Planetarium Transformation Steps

  1. New moveable stackable chairs with writing desk on arm if possible, otherwise writing boards. Probably like the North Museum, Lancaster, PA planetarium stackable chairs from seating. Base made rectangular steel tubing. Seat and back out of form pressed veneer. Seat and back upholstered. With armrests. A folding writing level is available as an accessory, and attaches to the arm. This would replace the more than 20 year old worn permanently mounted red chairs in the current planetarium room SS130. They would be black in color. Many planetariums and colleges use these chairs like Adler Planetarium in Chicago, the Franklin Institute in Philadelphia, Yale University, Northern Oklahoma College in Enid, Southern Minnesota State University in Marshal, Starry Hill Planetarium in Eatonville, WA, and Robinson Nature Center in Columbia, MD.
  2. Work with the Montgomery College foundation, Carol Rognrud, to raise some money from rich donors for a new planetarium projector system useable in the current room and bright enough to go into the future room in the new building. Naming right for the projector system and current planetarium room.

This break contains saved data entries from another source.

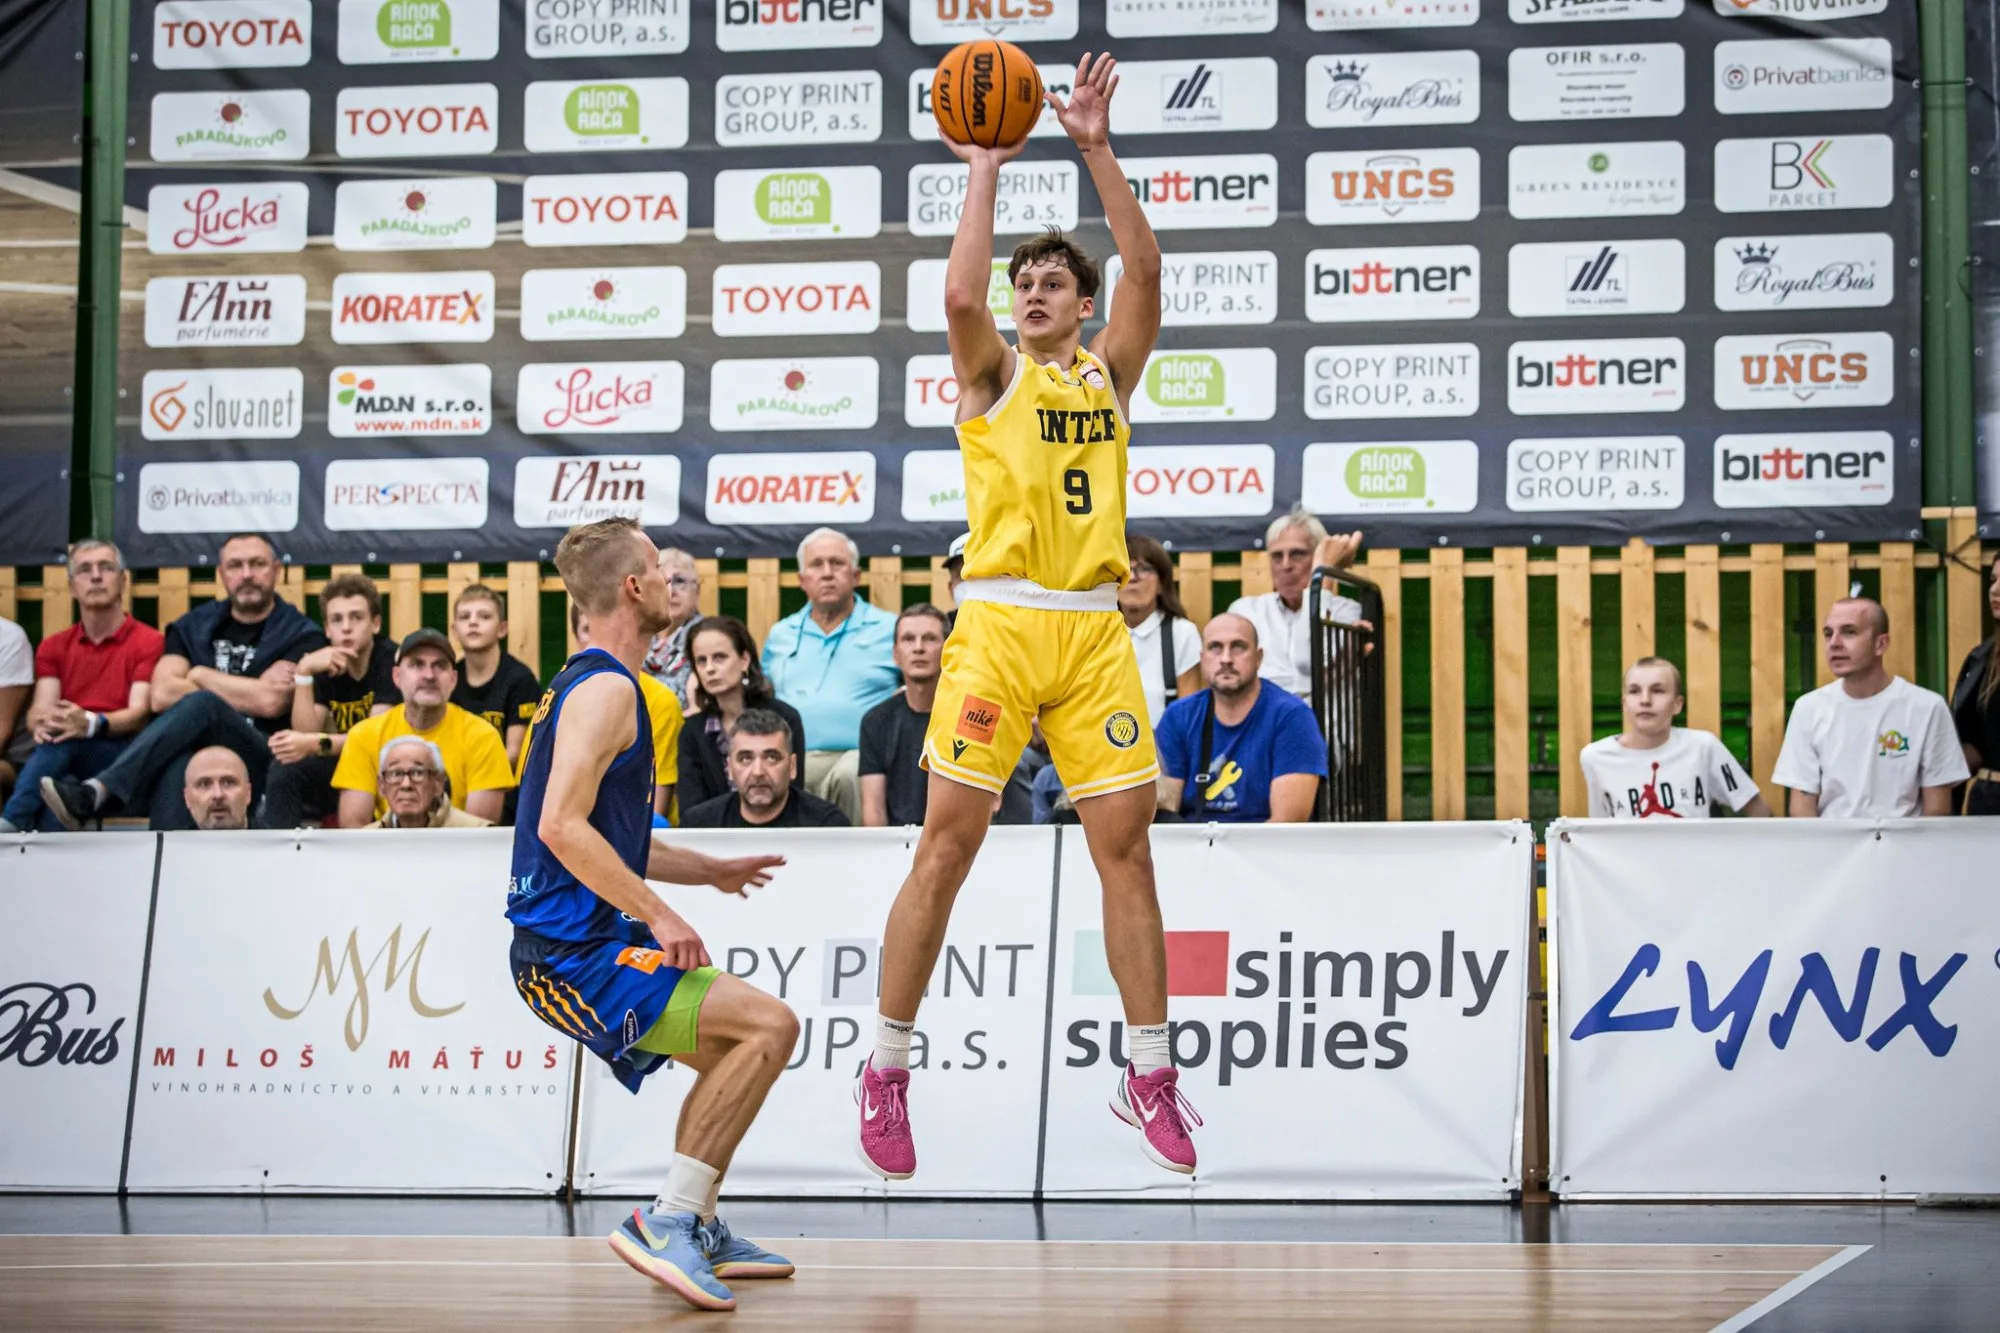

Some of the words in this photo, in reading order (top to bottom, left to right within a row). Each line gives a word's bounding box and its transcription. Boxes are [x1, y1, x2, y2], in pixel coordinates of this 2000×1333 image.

[535, 0, 600, 20] COPY
[162, 19, 303, 48] TOYOTA
[534, 23, 626, 46] GROUP,
[636, 26, 676, 42] a.s.
[1546, 51, 1592, 65] OFIR
[1599, 51, 1647, 64] s.r.o.
[1753, 66, 1887, 86] Privatbanka
[724, 86, 792, 109] COPY
[802, 82, 875, 106] PRINT
[973, 52, 994, 129] Wilson
[344, 106, 489, 136] TOYOTA
[578, 108, 623, 130] RAČA
[724, 112, 818, 135] GROUP,
[828, 114, 868, 131] a.s.
[176, 127, 287, 148] PARADAJKOVO
[918, 174, 969, 197] COP
[998, 172, 1071, 195] PRINT
[1331, 168, 1454, 200] UNCS
[173, 189, 278, 249] Lucka
[531, 194, 679, 224] TOYOTA
[768, 199, 815, 219] RAČA
[1023, 203, 1064, 220] a.s.
[361, 216, 471, 237] PARADAJKOVO
[1195, 263, 1270, 286] PRINT
[1314, 262, 1471, 295] bittner
[340, 290, 483, 325] KORATEX
[721, 284, 872, 314] TOYOTA
[1221, 294, 1262, 312] a.s.
[547, 306, 660, 326] PARADAJKOVO
[176, 324, 270, 341] parfumérie
[1315, 357, 1385, 379] COPY
[1395, 354, 1471, 378] PRINT
[1517, 354, 1676, 387] bittner
[1740, 352, 1867, 384] UNCS
[543, 368, 652, 427] Lucka
[1160, 379, 1207, 400] RAČA
[1314, 384, 1412, 407] GROUP,
[1423, 386, 1464, 404] a.s.
[194, 384, 294, 429] slovanet
[425, 399, 484, 412] s.r.o.
[737, 397, 852, 417] PARADAJKOVO
[355, 416, 481, 431] www.mdn.sk
[1037, 408, 1115, 444] INTER
[1517, 451, 1590, 473] COPY
[1599, 448, 1677, 471] PRINT
[1723, 448, 1885, 481] bittner
[715, 470, 863, 505] KORATEX
[1063, 468, 1093, 515] 9
[1127, 466, 1264, 495] OYOTA
[1359, 471, 1407, 492] RAČA
[1516, 477, 1616, 500] GROUP,
[1626, 479, 1669, 497] a.s.
[174, 488, 292, 507] Privatbanka
[333, 483, 479, 507] PERSPECTA
[727, 946, 806, 998] PY
[1235, 930, 1509, 1017] simply
[1569, 942, 1968, 1072] LYNX
[153, 1042, 314, 1068] MILOŠ
[389, 1043, 558, 1070] MÁŤUŠ
[152, 1081, 373, 1095] VINOHRADNÍCTVO
[392, 1083, 402, 1095] A

  3. Purchase new digital computer controlled planetarium projector with audio and 3D high resolutionsystem using a mirrored surface in the center of the planetarium room. Paint the inside of the current dome with white mirrored polarization preserving paint, like the STOP on a stop sign.
  4. Raise much more money for new larger planetarium room in the new much Larger Science, LS, Building. At least a million dollars or more should be raised with the help of the foundation. Have parties in the old planetarium room, which will have moveable stackable chairs. Receptions can be held under the stars.
  5. Complete and move into the New Planetarium, NP, room with a diameter or around 40 feet and a tilted dome in the LS building, which will have an observatory with optical telescopes outside around the NP room, which will be higher up above most of the light pollution of downtown Silver Spring. Have undergraduate very low frequency radio with notch filter (one version already built last century by the “Science Adventure Club” and medium frequency radio telescopes to explore even during the daytime the radio universe. Radio astronomy firsts where done in Montgomery County and we can do it again from downtown Silver Spring.